Re: Squids memory cache (cache_mem setting)

From: Jon Kay <jkay@dont-contact.us>
Date: Sun, 11 Jul 1999 22:58:32 +0000

Henrik Nordstrom wrote:
>
> Hossam El-Ashkar wrote:
> > . . . I am having a 1GB RAM machine. Won't increasing cache_mem be
> > profitable??
>
> Squid sometimes makes a very sub-optimal use of it's assigned cache_mem
> memory. . .
> Maybe someone will find it interesting to implement a useful memory
> cache in Squid someday, then using a larger cache_mem would for sure be
> beneficial in both memory hit rate and CPU usage.

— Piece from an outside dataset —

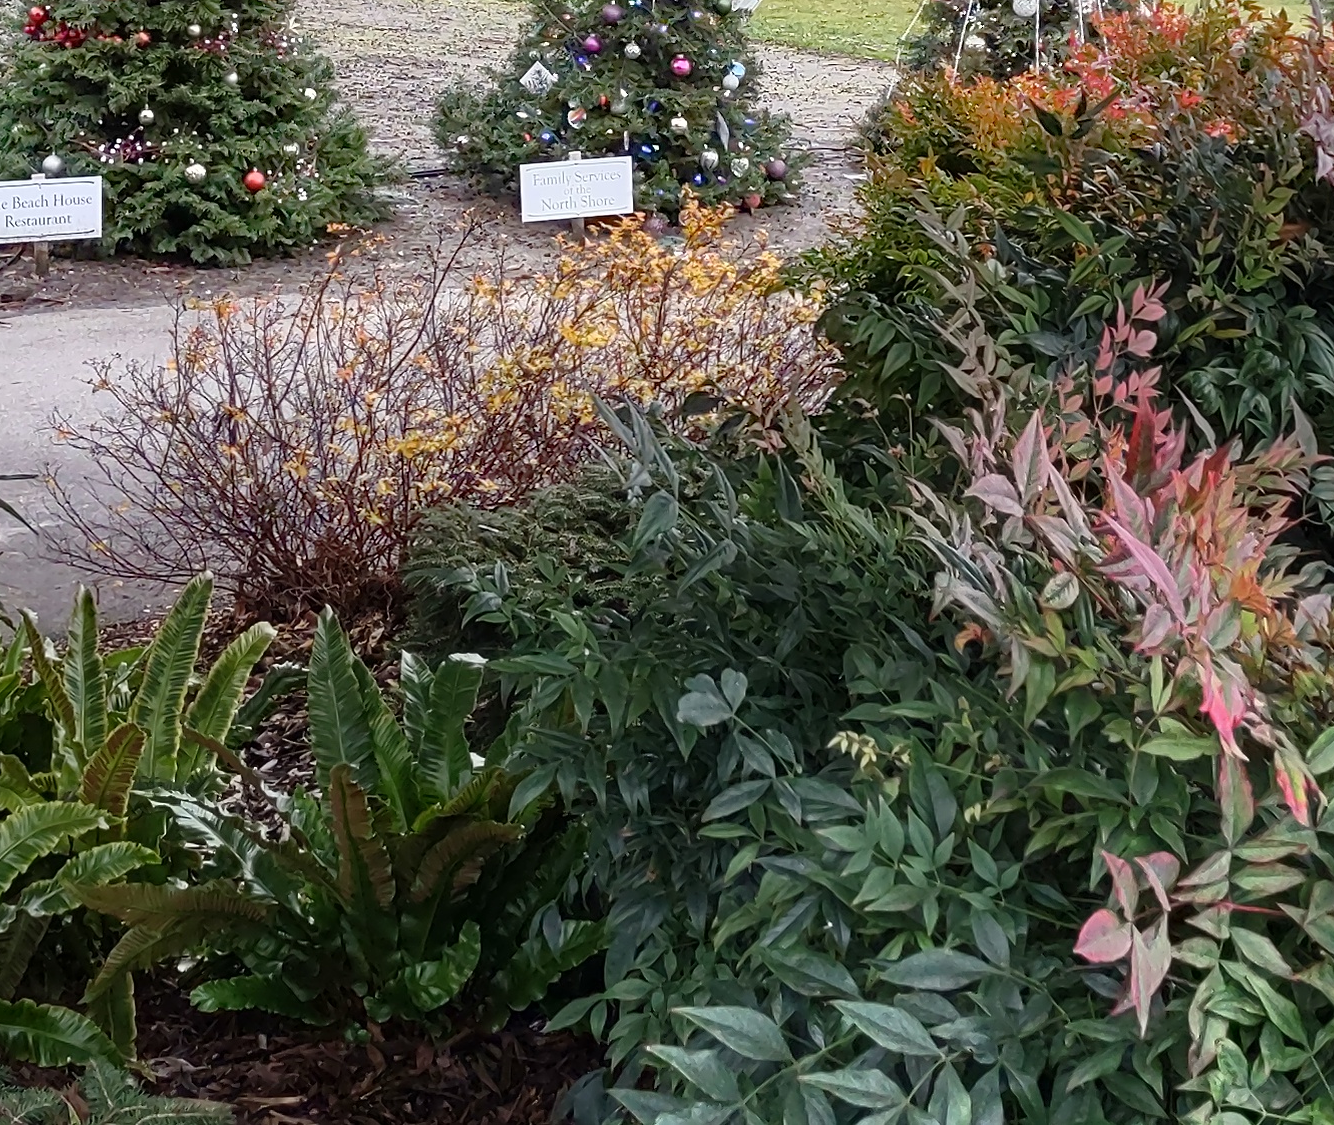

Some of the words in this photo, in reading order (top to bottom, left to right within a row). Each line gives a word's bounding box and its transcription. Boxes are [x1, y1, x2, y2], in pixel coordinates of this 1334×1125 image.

The real problem here is the web cache's workload, not Squid. If you plotted
a graph of popularity of each object, with objects sorted from most to least
popular, you would see that the curve decreases relatively slowly, roughly
following what is known as a Zipf's Law curve. That has much slower dropoff
than the popularity of objects in more conventional caches such as processor
caches.

That, in turn, means that you have to hold vast gobs of objects in order to
achieve a reasonably high hit rate. In other words, to make a memory cache
worthwhile, you'd have to have almost as much memory space as Squid uses
on disk space.

And it would still be of limited effectiveness because few caches see *local*
hit rates above 45-50%, so the most you could hope for would be to save
every other disk access - maybe worth it if you have money to spend,
but not a spectacular speedup for the price.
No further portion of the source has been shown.